Streaming data through R using the streaming jar is just one option available to you.  Hive and Pig also providing the ability to pass data through a script. Just like streaming the script can be R, Python ,Ruby,  shell scripts, or linux commands.

Our Data Analyst course can provide you with much more information but here is a short summary on how hive allows you to express your logic as a SQL query, and optionally take that sql generated data set and pass it through a script.

Imagine a scenario where the total volume of your data is too large to be represented in a single R data frame. You might be able to gain some insight by using hive to slice your data into partitions, perform some joins and aggregation and then ship it the slices of the dataset through the R script. This can easily be done.

Here is an example using hive and R.

I changed the R script so that it takes in two columns of data. For example it might receive

OH Cleveland
OH Columbus
CO Denver

And the script will return a count of each distinct first column. In the case above when processed through this R script it will return:

OH  2
CO  1

The reason I did this is because Hive requires consistent number of columns per record processed. So I needed an R script that emitted a consistent number of columns.

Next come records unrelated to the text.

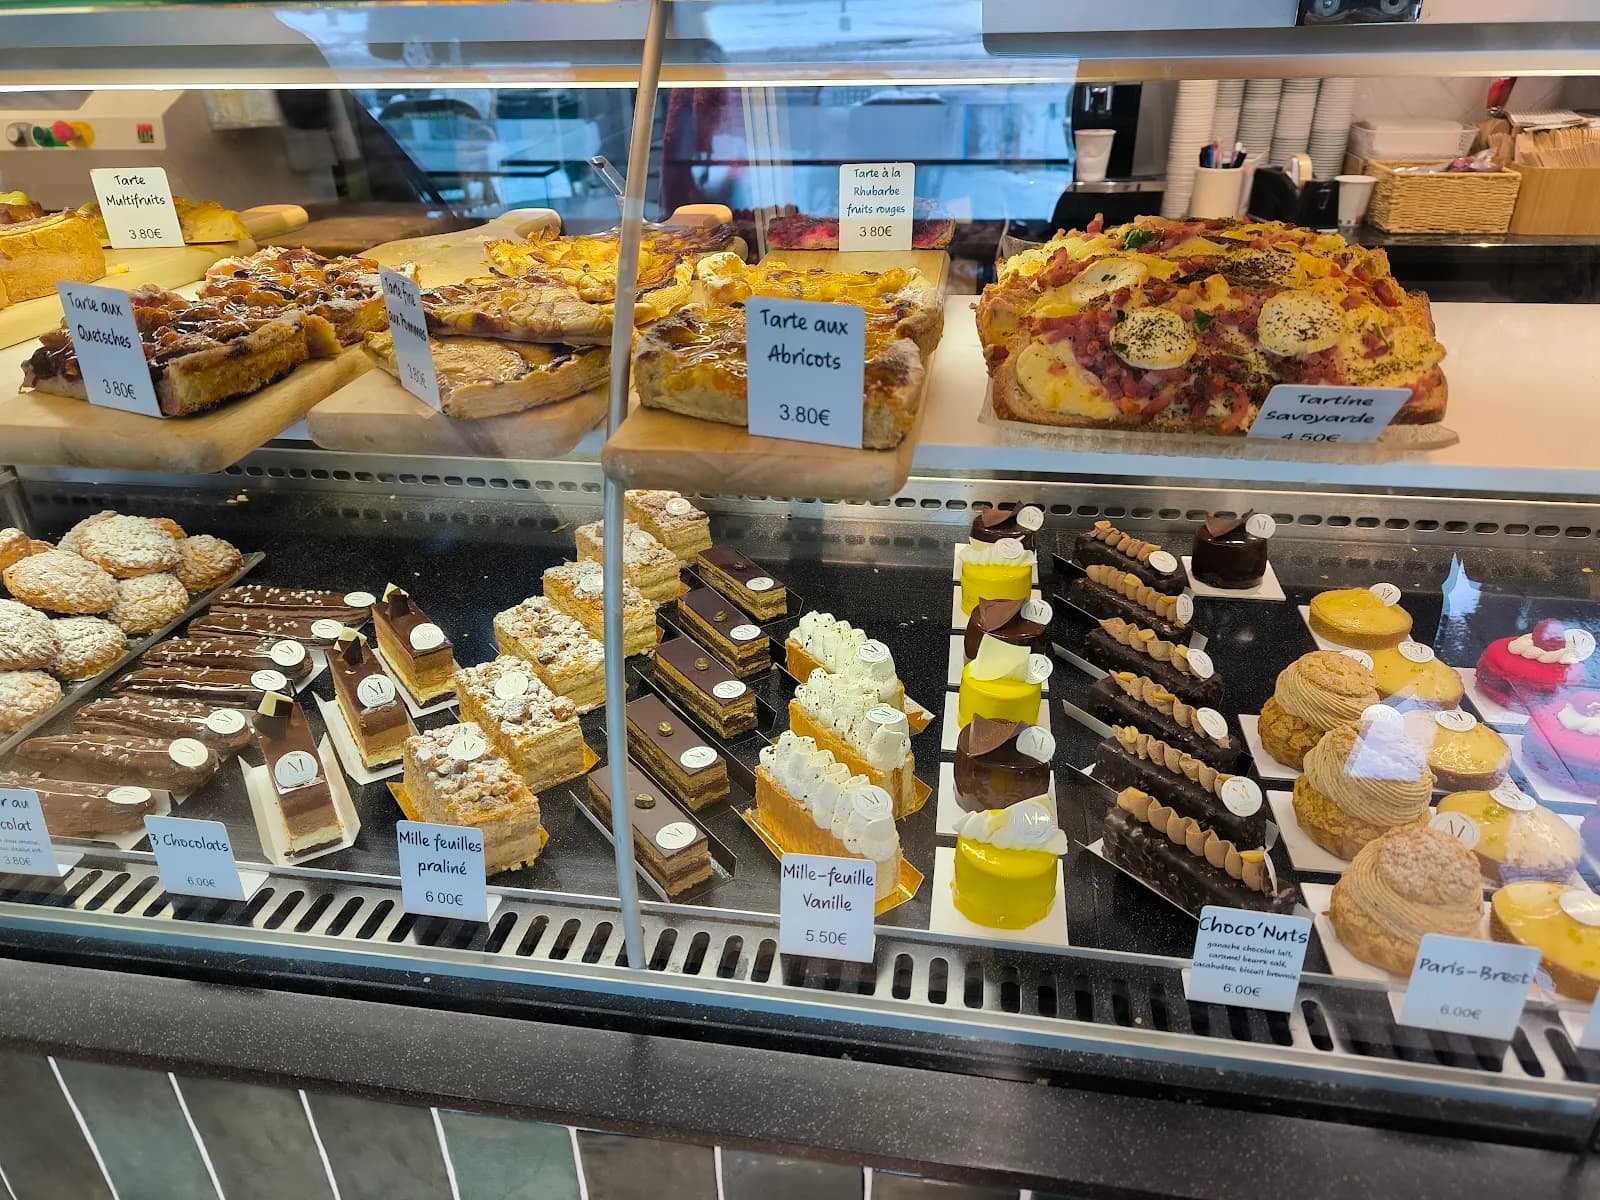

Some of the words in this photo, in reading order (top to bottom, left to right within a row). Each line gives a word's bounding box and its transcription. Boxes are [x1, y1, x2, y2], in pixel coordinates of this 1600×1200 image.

[113, 175, 146, 186] Tarte
[853, 168, 879, 178] Tarte
[882, 167, 889, 178] à
[892, 166, 901, 178] la
[853, 185, 900, 196] Rhubarbe
[105, 193, 166, 209] Multifruits
[846, 203, 873, 217] fruits
[876, 205, 906, 217] rouges
[859, 225, 893, 237] 3.80€
[67, 292, 99, 313] Tarte
[101, 301, 123, 317] aux
[760, 308, 809, 331] Tarte
[814, 319, 849, 336] aux
[77, 323, 132, 349] Quetsches
[767, 343, 842, 370] Abricots
[102, 378, 137, 400] 3.80€
[1298, 394, 1375, 407] Tartine
[779, 403, 831, 426] 3.80€
[1265, 410, 1375, 425] Savoyarde
[11, 799, 30, 809] au
[0, 817, 33, 832] colat
[150, 833, 159, 846] 3
[163, 833, 229, 852] Chocolats
[399, 830, 430, 847] Mille
[434, 833, 482, 853] feuilles
[418, 858, 467, 877] praliné
[783, 863, 874, 887] Mille-feuille
[187, 875, 217, 888] 6.00€
[803, 893, 852, 912] Vanille
[805, 929, 848, 946] 5.50€
[1199, 916, 1308, 944] Choco'Nuts
[1207, 942, 1240, 950] ganache
[1242, 944, 1276, 955] chocolat
[1208, 952, 1241, 961] caramel
[1243, 955, 1268, 965] beurre
[1419, 958, 1530, 985] Paris-Brest
[1223, 983, 1262, 997] 6.00€
[1440, 1003, 1482, 1020] 6.00€

The R script below will ingest two columns and emit 2 columns. If the script does not return data in that format, of a tab delimited record per line then hive will complain. This  R script counts the number of occurrences of the first column and returns the first column as is, and replaces the second column with the count.

#!/usr/bin/env Script
f <- file("stdin") ## read the contents of stdin
open(f) ## open the handle on stdin
my_data = read.table(f) ## read stdin as a table
my_data_count=table(my_data$V1) ## count the number of occurance of column 1
write.table(my_data_count,quote = FALSE,row.names = FALSE,col.names = FALSE,sep = " ") ## format the output so we see column1<tab>count

To use the data in Hive we would do the following.

hive> add file script.r;
Added resource: script.r
hive> set mapred.reduce.tasks=2;
hive> from (
> select state, city
> from cities distribute by state)
> t1
> insert overwrite directory 'R_example'
> reduce state,city using 'script.r';

You might ask, what the cities table looks like, actually that is not to important here, you could use this example by selecting any two columns from any hive table you have and allowing the R script to generate the count.

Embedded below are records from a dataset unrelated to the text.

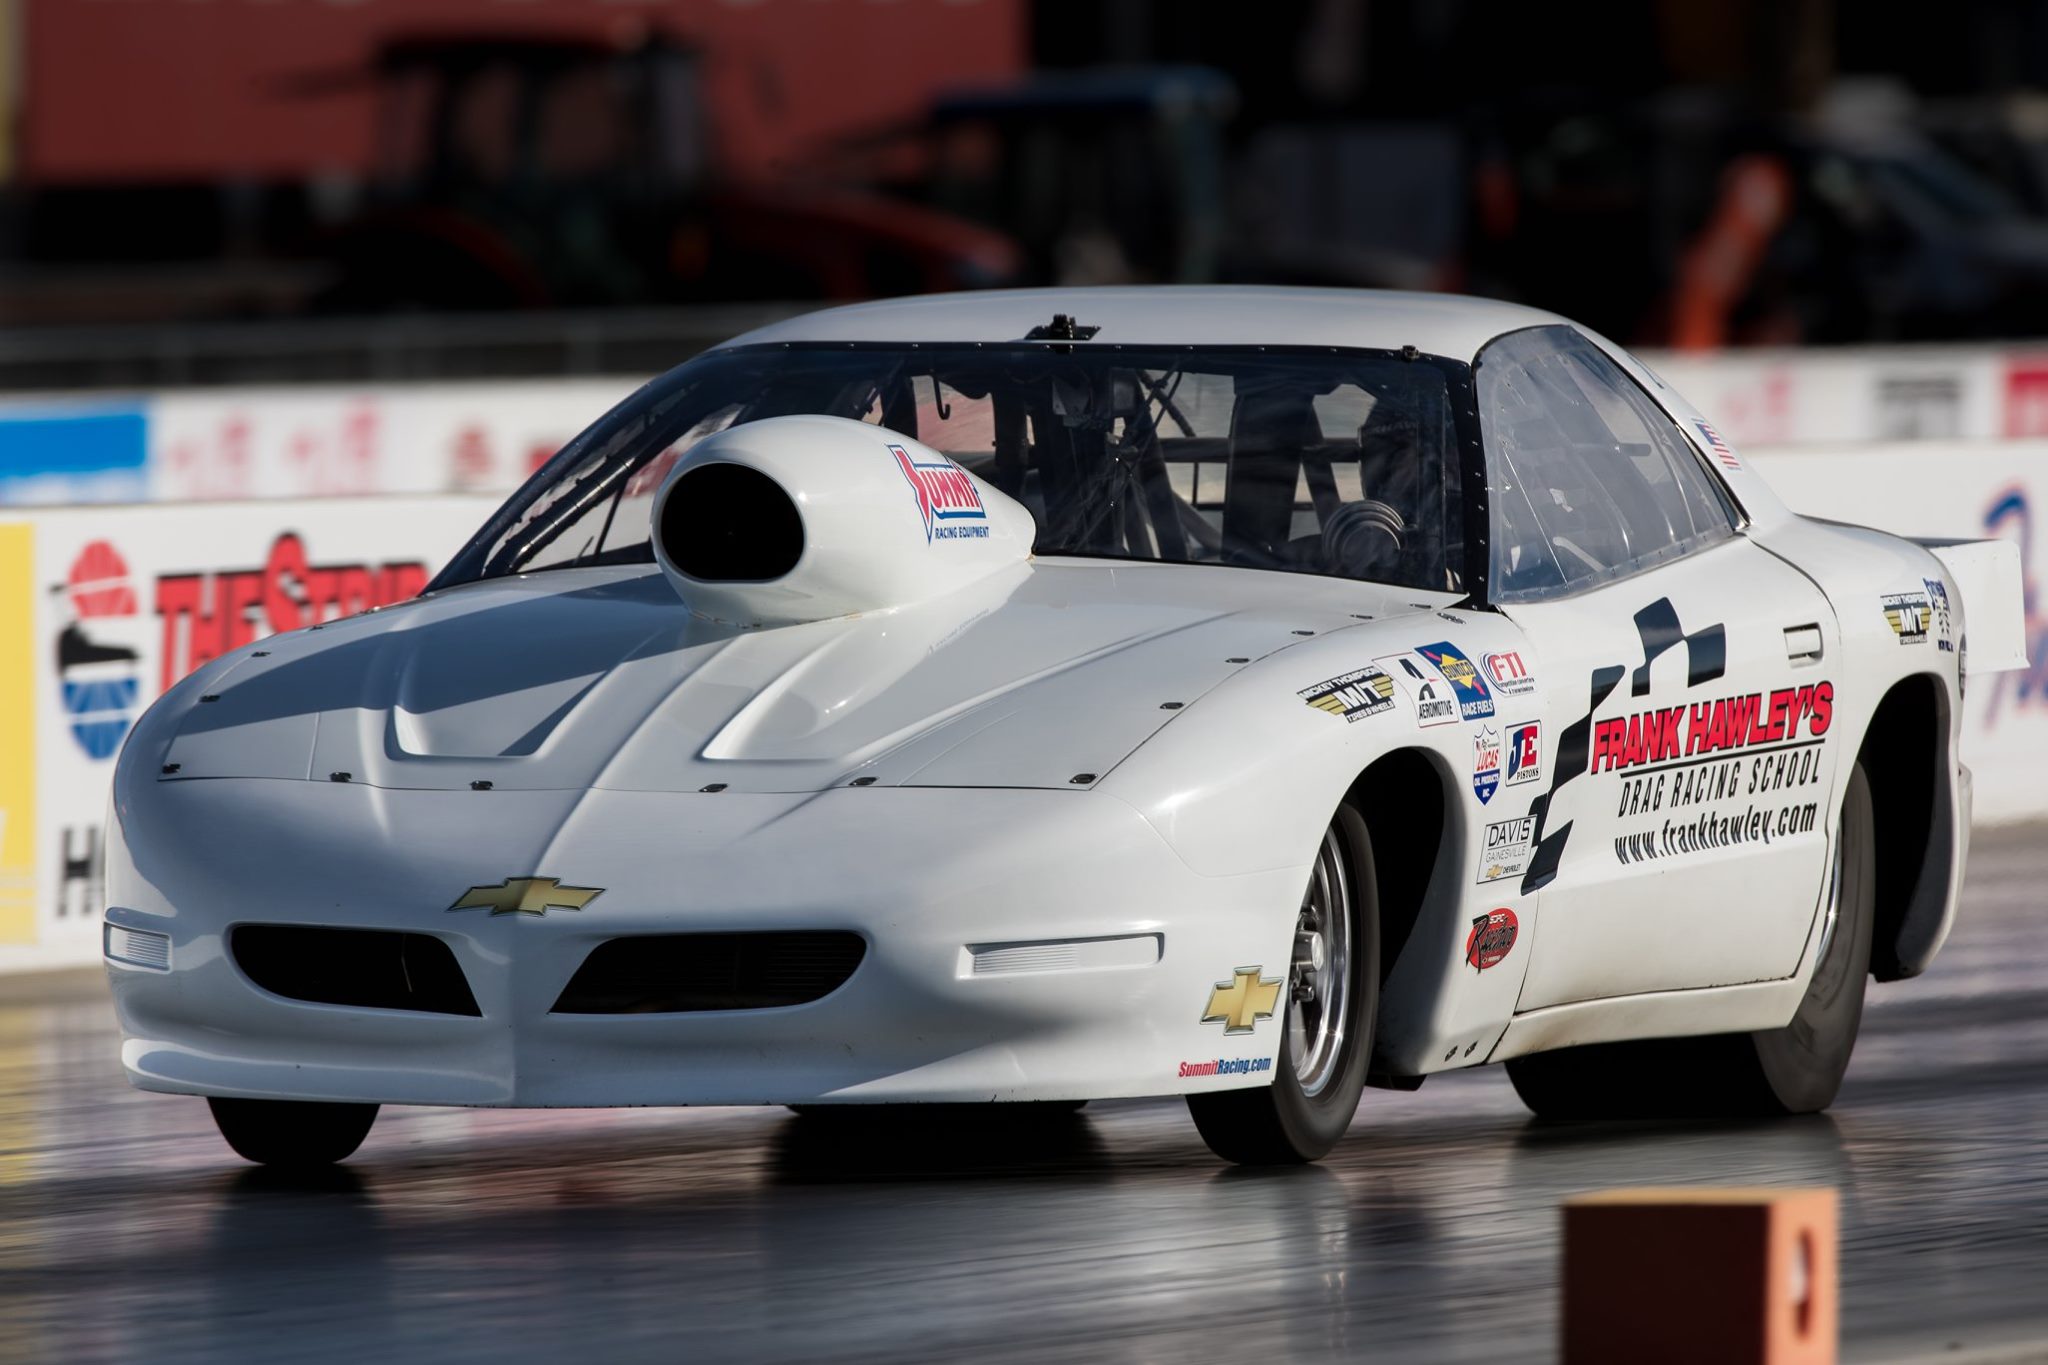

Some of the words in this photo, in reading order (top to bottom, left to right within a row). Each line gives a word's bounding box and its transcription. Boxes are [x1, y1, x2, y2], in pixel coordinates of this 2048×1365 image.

[934, 526, 958, 540] RACING
[958, 525, 990, 539] EQUIPMENT
[1441, 661, 1475, 679] SUNOCO
[1488, 651, 1527, 682] FTI
[1299, 680, 1336, 699] MICKEY
[1332, 667, 1382, 687] THOMPSON
[1331, 680, 1384, 710] M/T
[1418, 700, 1453, 720] AEROMOTIVE
[1462, 702, 1478, 717] RACE
[1477, 700, 1494, 714] FUELS
[1591, 703, 1687, 776] FRANK
[1684, 680, 1834, 757] HAWLEY'S
[1476, 748, 1499, 772] LUCAS
[1507, 725, 1538, 781] JE
[1516, 767, 1539, 781] PISTONS
[1617, 774, 1666, 818] DRAG
[1670, 760, 1742, 808] RACING
[1748, 748, 1822, 795] SCHOOL
[1488, 818, 1532, 848] DAVIS
[1614, 801, 1819, 866] www.frankhawley.com
[1485, 845, 1528, 863] GAINESVILLE
[1178, 1057, 1272, 1079] SummitRacing.com

The statement is a SQL statement but in reverse, it specifies what data will be read – the select clause –, what columns will be sent to the reducer – state, city–, how the keys will be partitioned —distribute by state— , and what script the reducer will use to process the data – reduce state,city using ‘script.r’ , and also what directory the final output will be stored in – insert overwrite directory ‘R_example‘.

A quick summary would be Hive selects two columns, send all occurrences of the same state to the same reducer, and when the reducer gets its values transform the dataset with the R script.

The output looks like this. We can use Hive to slice and dice our data and then ship the output through R.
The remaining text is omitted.